INSTRUCTIONS TO FOLLOW:
Look through the data below and return each line where "병천순대" appears.

INFORMATION SHOWN:
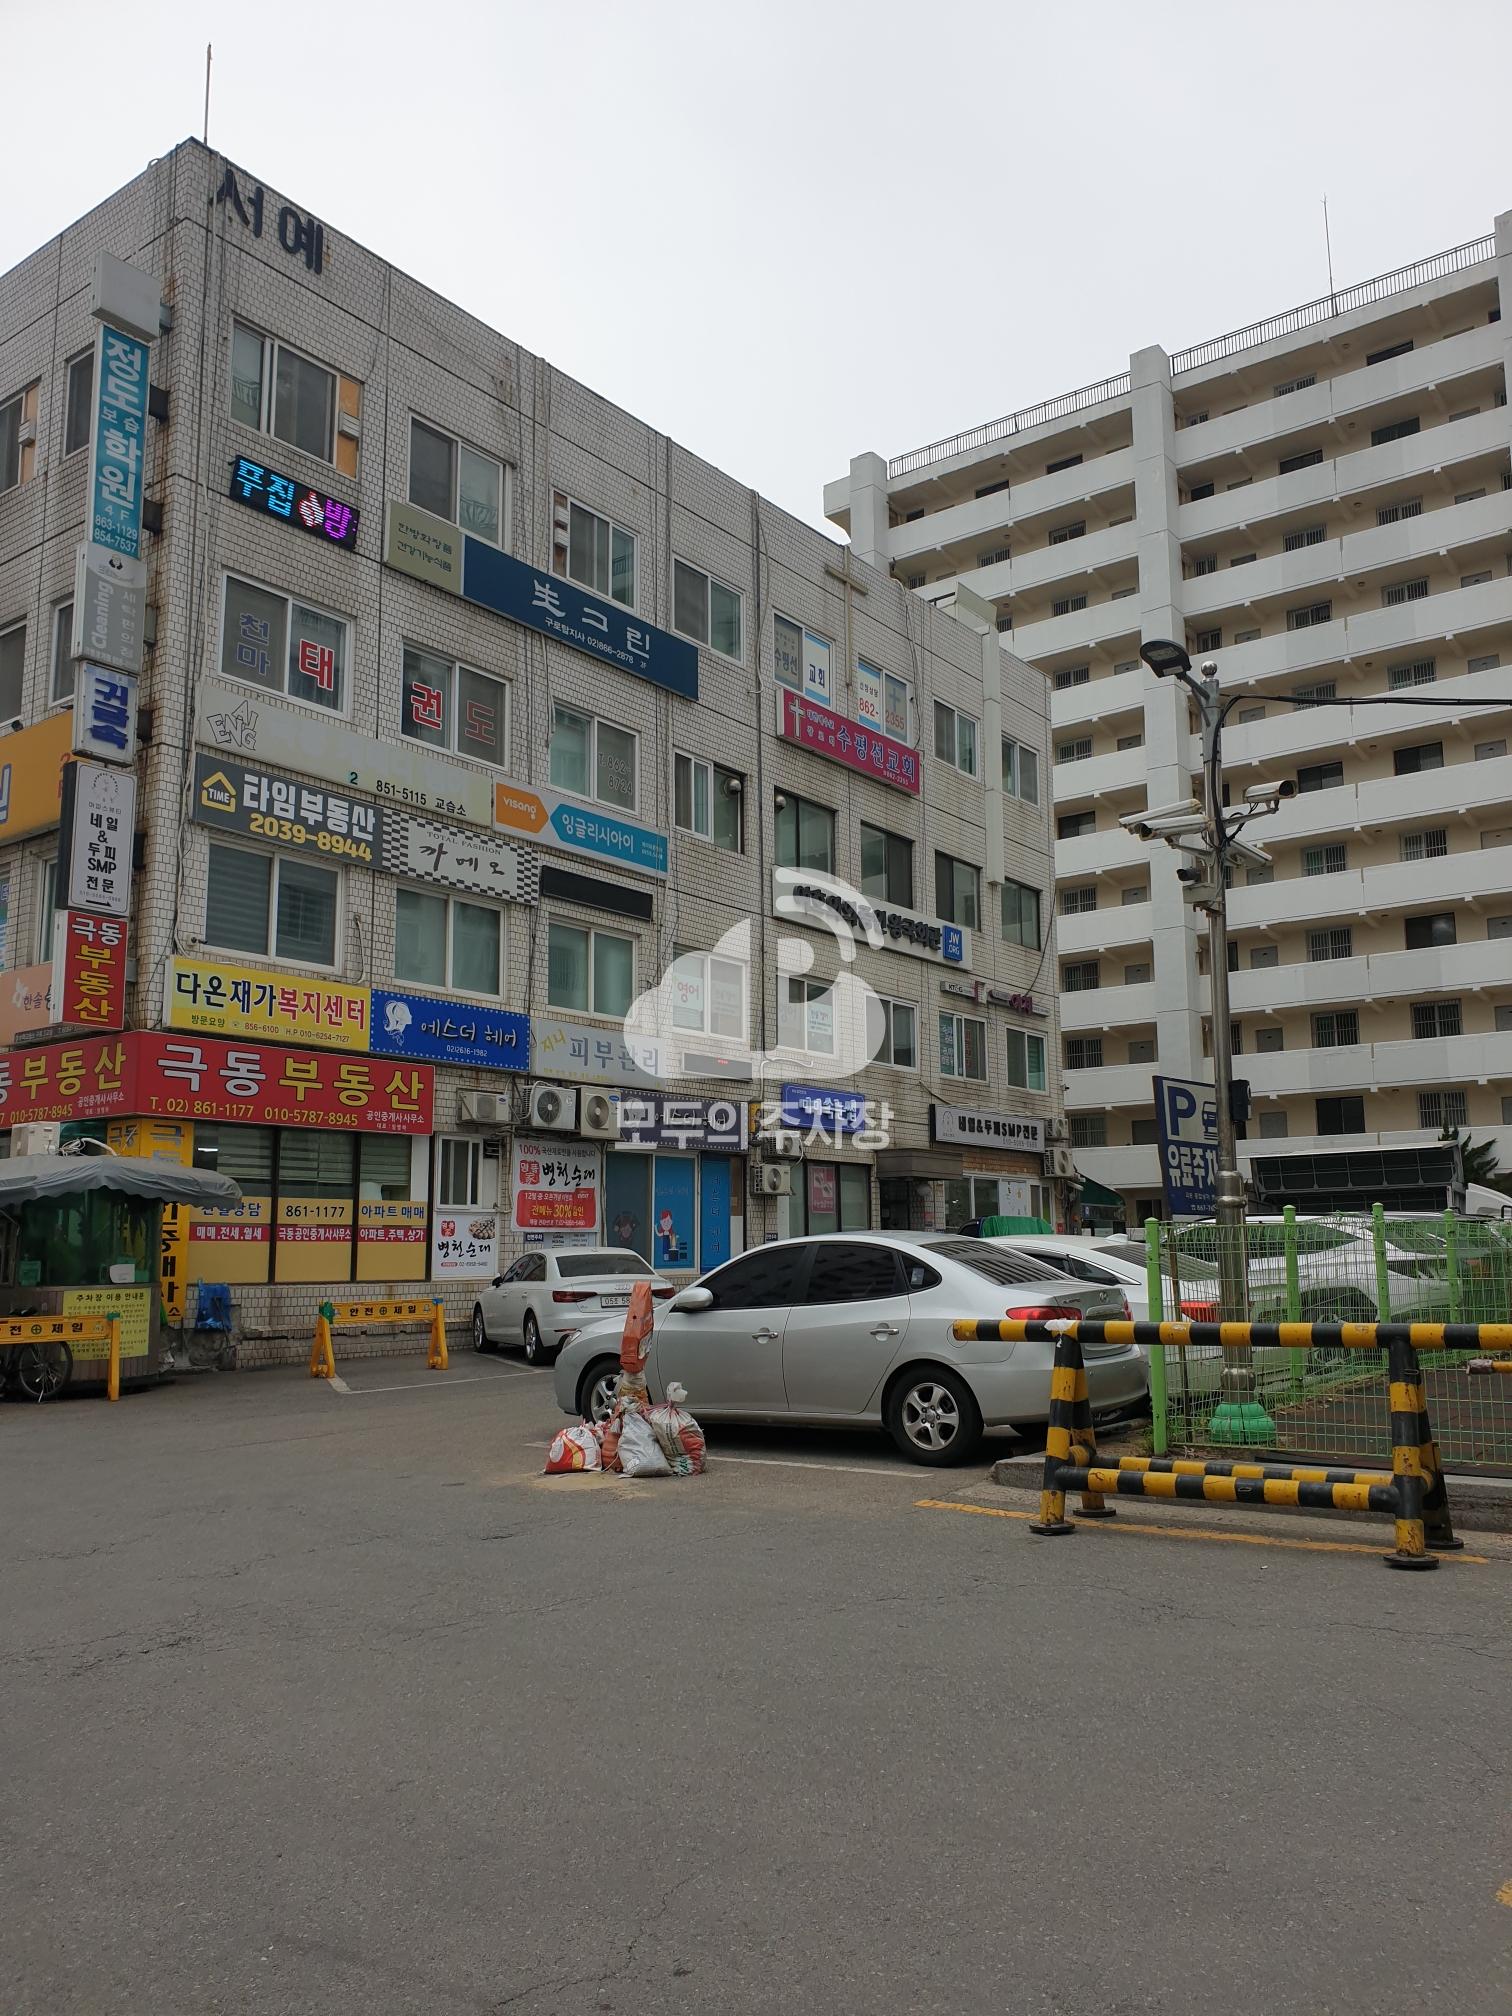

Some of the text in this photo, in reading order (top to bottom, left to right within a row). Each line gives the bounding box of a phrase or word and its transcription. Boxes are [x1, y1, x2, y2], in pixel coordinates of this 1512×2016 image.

[210, 168, 324, 275] 서예
[101, 336, 143, 418] 정도
[98, 428, 142, 509] 학원
[95, 514, 138, 540] 863-1129
[94, 527, 137, 553] 854-7537
[91, 580, 114, 649] Cleaning
[236, 612, 270, 677] 천마
[808, 664, 826, 688] 교회
[299, 638, 496, 746] 태 권 도
[858, 697, 879, 719] 862-
[837, 725, 915, 784] 수평선교회
[207, 787, 230, 804] TIME
[242, 773, 376, 842] 타임부동산
[376, 779, 427, 806] 851-5115
[434, 797, 467, 817] 교습소
[503, 795, 538, 820] visang
[89, 812, 118, 832] 네일
[561, 813, 634, 854] 잉글리시아이
[97, 830, 109, 844] &
[249, 813, 373, 862] 2039-8944
[426, 830, 460, 847] TOTAL
[461, 841, 502, 856] FASHION
[87, 841, 117, 861] 두피
[418, 842, 506, 876] 까메오
[87, 857, 117, 875] SMP
[85, 875, 114, 894] 전문
[72, 917, 123, 946] 극동
[949, 931, 960, 945] JW
[73, 944, 117, 1023] 부동산
[677, 981, 700, 1003] 영어
[175, 971, 366, 1031] 다온재가복지센터
[191, 1013, 225, 1029] 방문요양
[420, 1018, 518, 1048] 에스더 헤어
[568, 1035, 659, 1077] 피부관리
[155, 1042, 425, 1112] 극동부동산
[10, 1103, 73, 1124] 010-5787-8945
[166, 1096, 190, 1115] 02)
[193, 1100, 255, 1120] 861-1177
[264, 1106, 359, 1127] 010-5787-8945
[1167, 1085, 1197, 1137] P
[519, 1143, 542, 1156] 100%
[541, 1160, 596, 1188] 병천순대
[285, 1204, 346, 1219] 861-1177
[361, 1205, 425, 1220] 아파트 매매
[553, 1203, 573, 1219] 30%
[278, 1227, 352, 1242] 극동공인중개사사무소
[437, 1239, 491, 1259] 병천순대
[75, 1291, 104, 1303] 주차장
[106, 1291, 122, 1302] 이용
[349, 1304, 418, 1317] 안전 제일
[51, 1322, 84, 1335] 제일

TASK RESULT:
[541, 1160, 596, 1188] 병천순대
[437, 1239, 491, 1259] 병천순대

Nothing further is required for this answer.